- **EXERCISE DESCRIPTION**:
For this exercise, repeat the whole listing below exactly. Leave the pictures out.

===

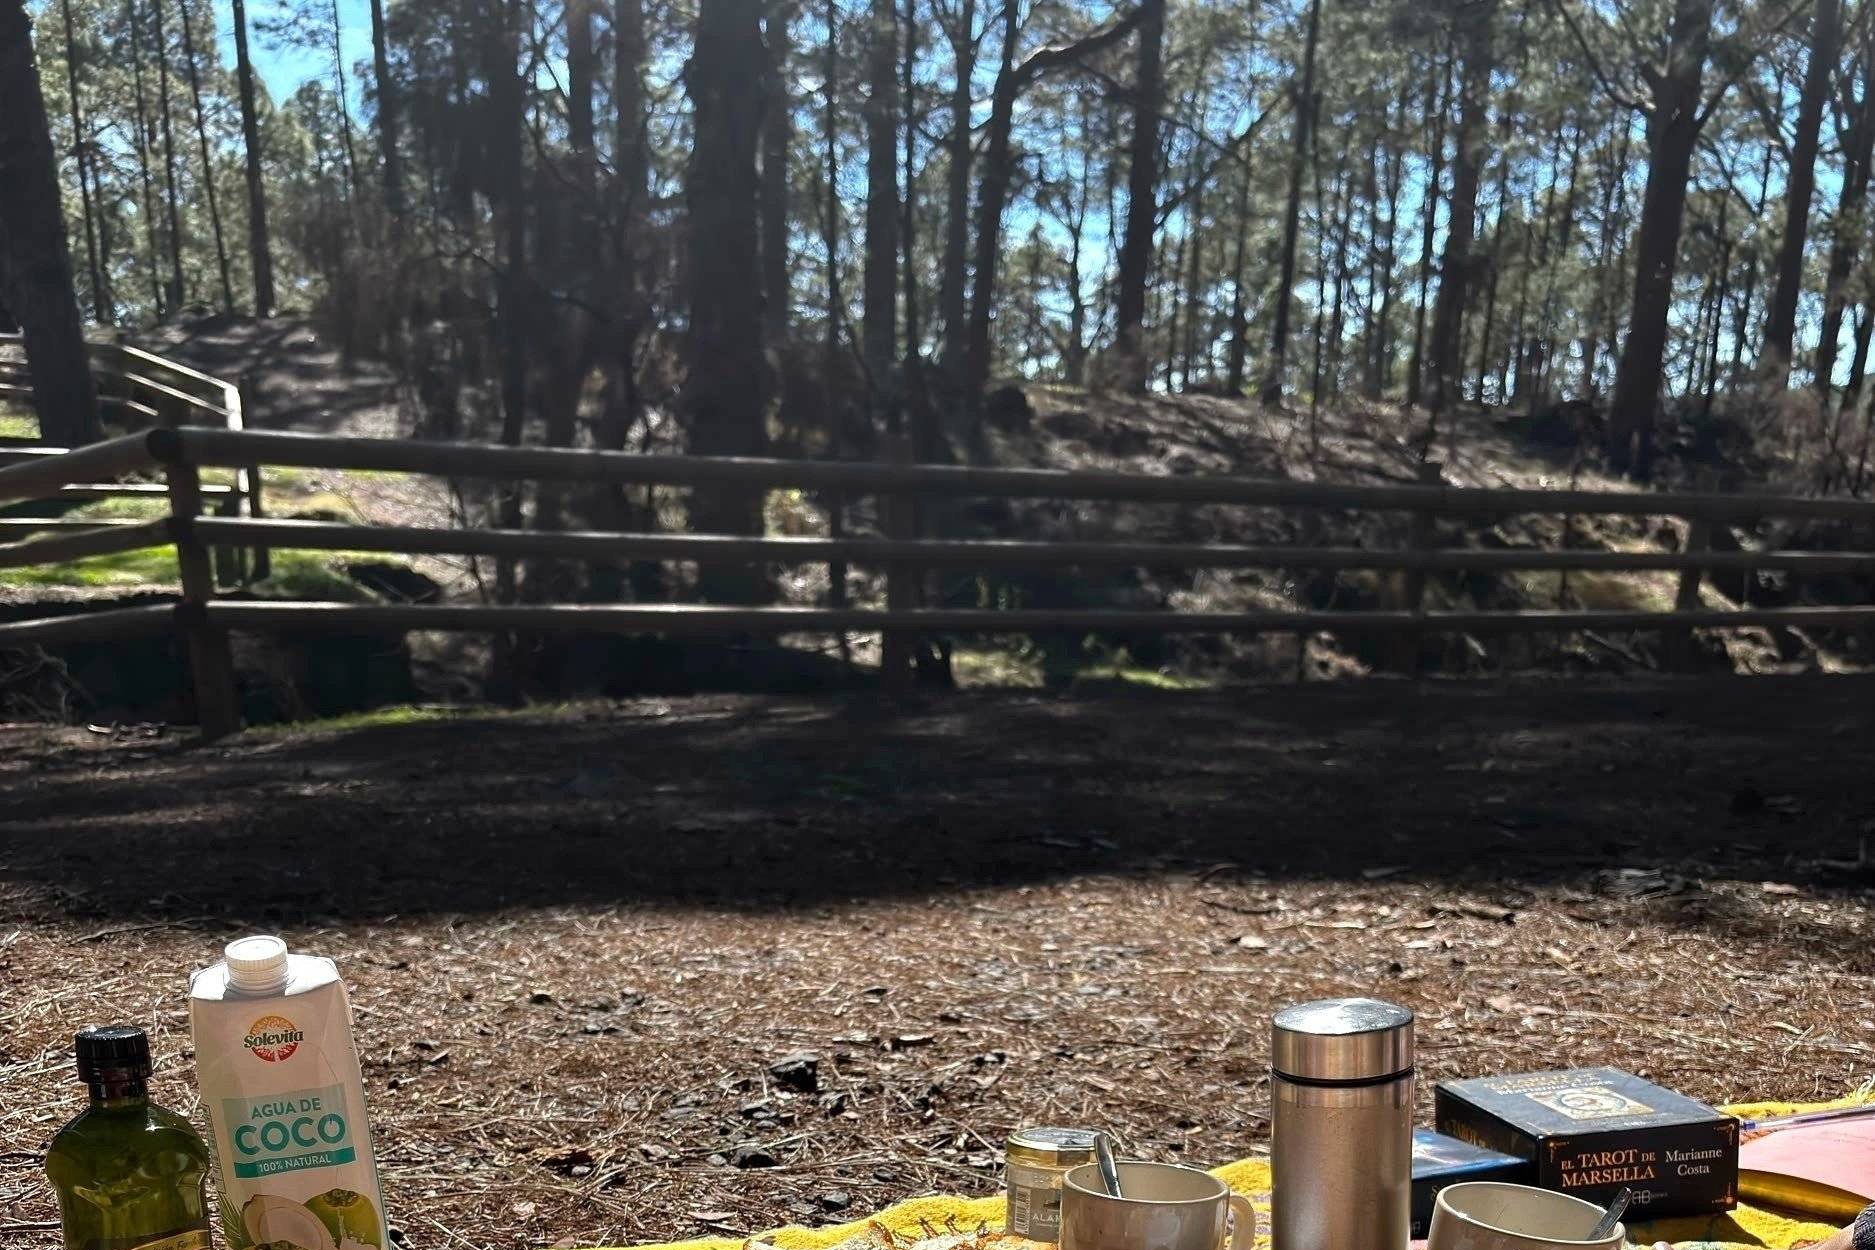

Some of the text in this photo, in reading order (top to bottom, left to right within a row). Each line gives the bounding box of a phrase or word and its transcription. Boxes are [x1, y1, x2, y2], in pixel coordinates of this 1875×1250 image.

[243, 1029, 304, 1049] Solevita
[251, 1097, 322, 1120] AGUA DE
[234, 1113, 346, 1156] COCO
[258, 1154, 332, 1173] 100% NATURAL
[1561, 1149, 1656, 1171] EL TAROT DE
[1665, 1147, 1723, 1163] Marianne
[1561, 1166, 1655, 1188] MARSELLA
[1677, 1163, 1710, 1177] Costa

===

- **ANSWER SPACE**:
Some of the text in this photo, in reading order (top to bottom, left to right within a row). Each line gives the bounding box of a phrase or word and its transcription. Boxes are [x1, y1, x2, y2], in pixel coordinates of this 1875×1250 image.

[243, 1029, 304, 1049] Solevita
[251, 1097, 322, 1120] AGUA DE
[234, 1113, 346, 1156] COCO
[258, 1154, 332, 1173] 100% NATURAL
[1561, 1149, 1656, 1171] EL TAROT DE
[1665, 1147, 1723, 1163] Marianne
[1561, 1166, 1655, 1188] MARSELLA
[1677, 1163, 1710, 1177] Costa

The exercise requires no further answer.